The same occurs for web sites where FQDNs are easier to remember than
the IPv6 addresses. However the human readable representation also
comes with some issues.
First human readable identifiers have very little entropy which means
that when the number of identifiers grow, collision are likely to
happen. The likelihood of identifier collision may be limited at the
expense of management complexity whose complexity grows with the
number of identifiers. Second, human readable identifiers are only
meaningful when used by humans who are only able to handle a limited
numbers of identifiers. Third the identifier needs to be securely
bound to additional element such as security elements - a public key
- or routing elements - an IP address - in order to enable a
communication.
As a result, human readable identifiers do not scale to meet the need
of DOTs identifiers and the management overhead complexity to make
identifiers human readable becomes meaningless in a automated machine
to machine environment.

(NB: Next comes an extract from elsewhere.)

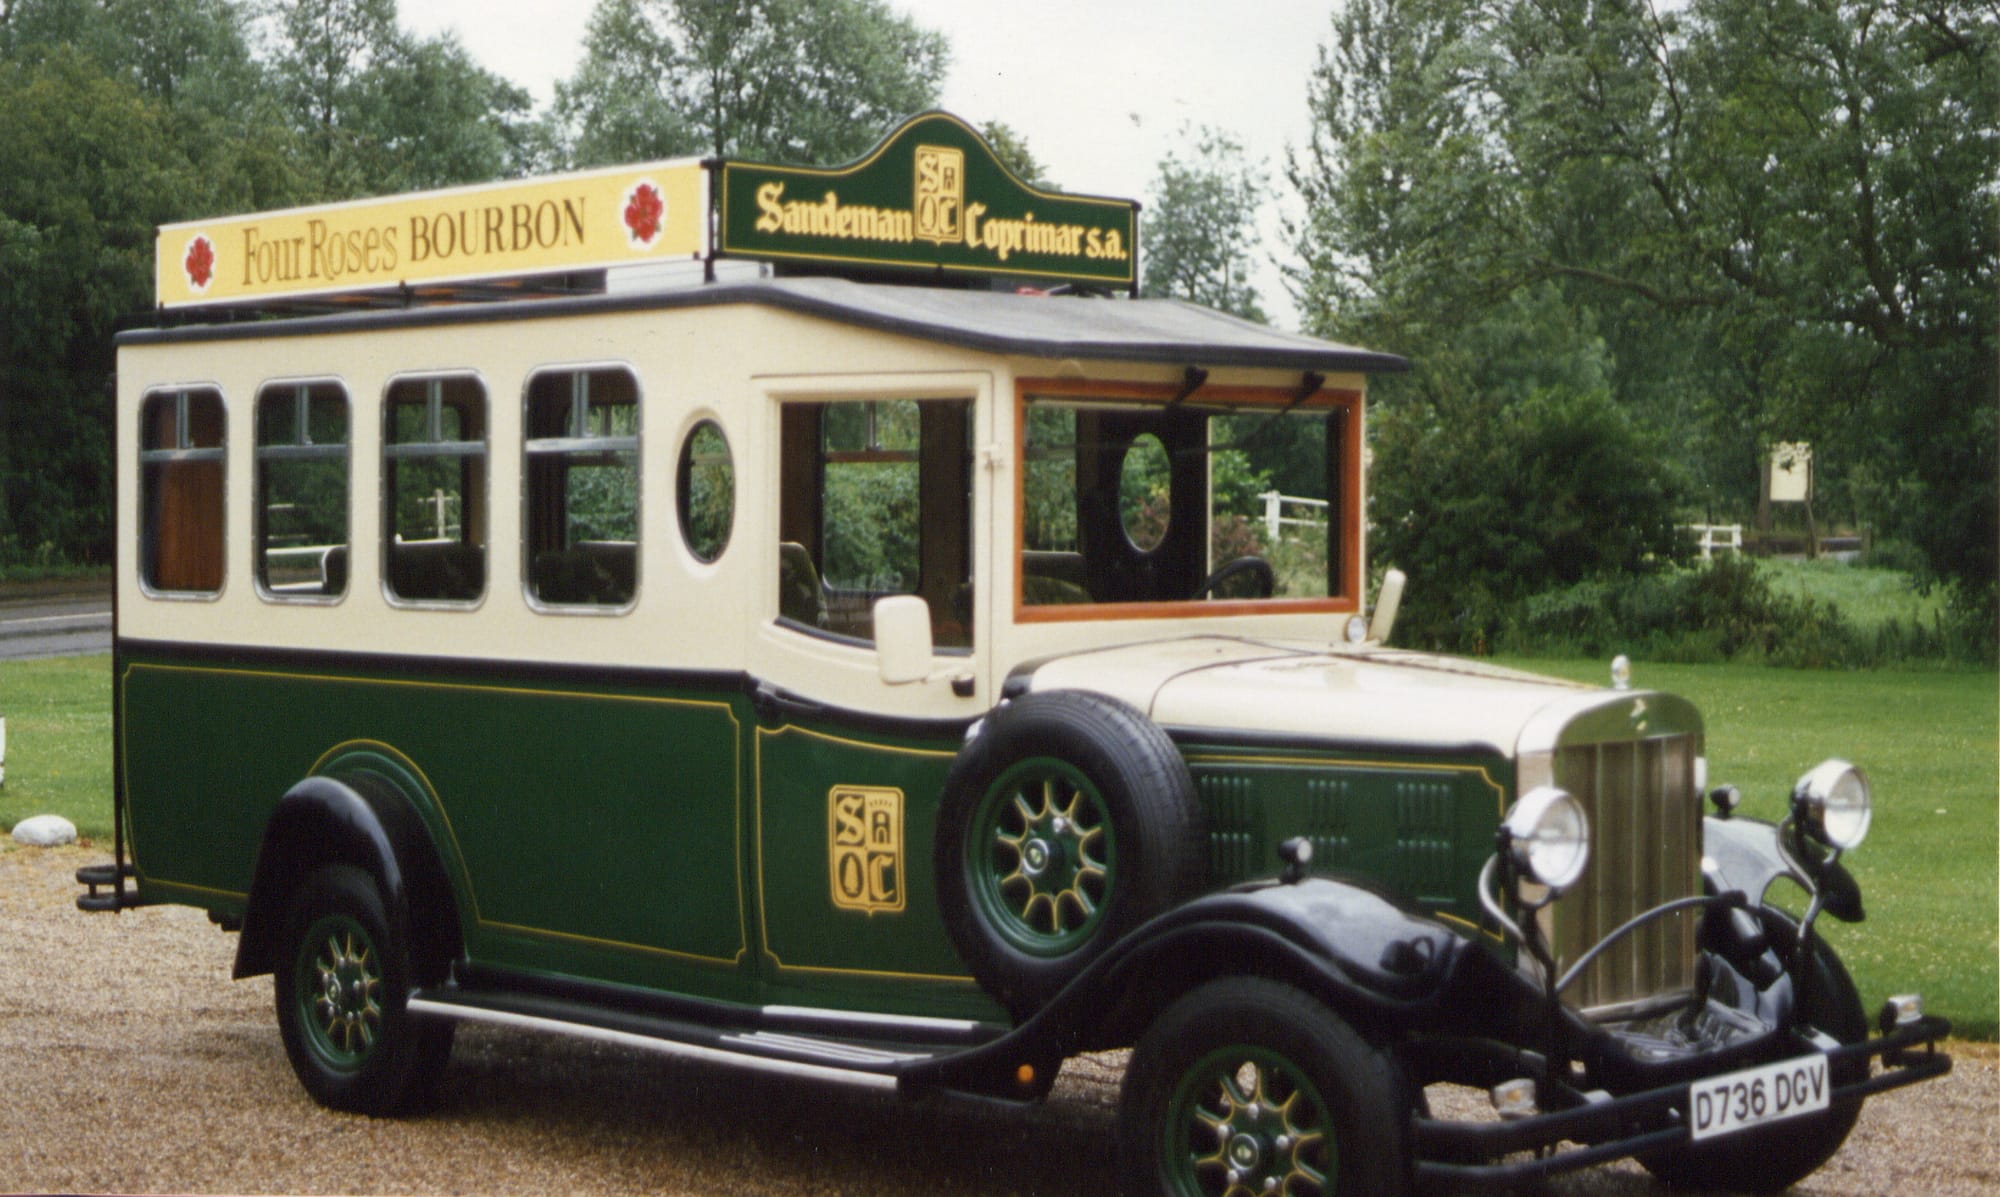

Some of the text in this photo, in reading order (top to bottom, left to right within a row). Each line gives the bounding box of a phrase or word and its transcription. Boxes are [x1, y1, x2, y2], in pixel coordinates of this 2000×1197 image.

[410, 197, 586, 262] BOURBON
[755, 182, 1128, 260] Sandeman Coprimar s.a.
[1696, 1063, 1824, 1130] D736 DGV

A DOTS is intended for machine to machine
-like communication, there is no reason for using human readable
identifiers. DOTS recommends the use of cryptographic identifiers to
avoid an additional and unnecessary cryptographic binding between the
identifier and the security material.
This document describes two forms of strong Identities for the
registration and operation of DOTS Agents.
1.1. X.509 LDevID
The first is the X.509 LDevID defined in 802.1AR [Std-802.1AR-2009].
The methodology proposed herein expects the DOTS mitigation provider
to provide a PKI that will issue LDevID certificates to its
customers. This provides a strong "domain of trust" to the
identities of its customers. Inter provider trust can be established
through any of the multi-PKI trust models in use today.
Customer LDevID registration may be based on an "Owner Certificate",
allocated to the device during a NETCONF zerotouch registration
[I-D.ietf-netconf-zerotouch]. Or the IDevID could be used directly
in some registration process.
1.2. Raw Public Key
The second form of Identity is a Raw Public Key.
One type of Raw Public Key is a HIP [RFC7401] Host Identity (HI).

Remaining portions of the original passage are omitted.